## ASSIGNMENT
Pictures are not part of the copy; reproduce the remaining data exactly.

[Referring expression grounding data]
#####

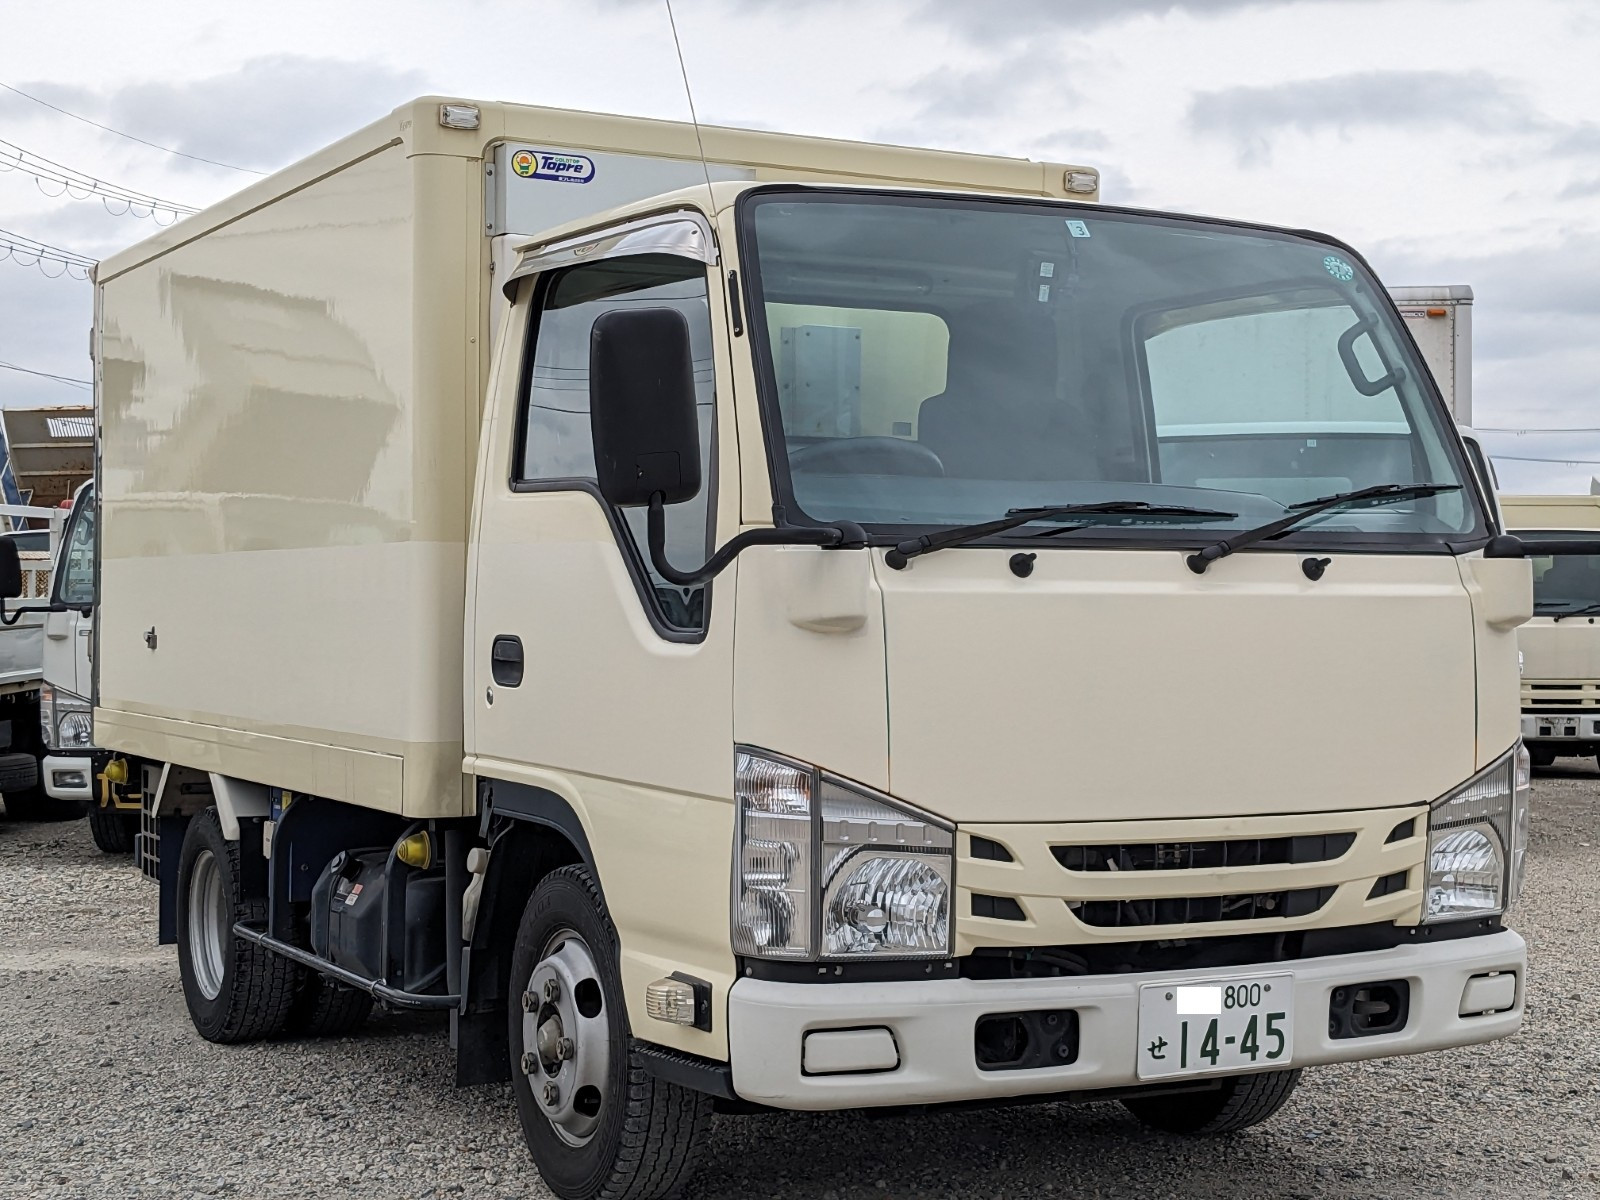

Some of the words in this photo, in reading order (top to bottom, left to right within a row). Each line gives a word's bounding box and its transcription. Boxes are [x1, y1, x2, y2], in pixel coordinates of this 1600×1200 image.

[541, 156, 584, 173] Topre
[1075, 226, 1085, 236] 3
[1224, 983, 1261, 1009] 800
[1147, 1036, 1168, 1060] せ
[1180, 1011, 1286, 1069] 14-45

#####

## RESULT FOR THIS EXERCISE
Some of the words in this photo, in reading order (top to bottom, left to right within a row). Each line gives a word's bounding box and its transcription. Boxes are [x1, y1, x2, y2], in pixel coordinates of this 1600×1200 image.

[541, 156, 584, 173] Topre
[1075, 226, 1085, 236] 3
[1224, 983, 1261, 1009] 800
[1147, 1036, 1168, 1060] せ
[1180, 1011, 1286, 1069] 14-45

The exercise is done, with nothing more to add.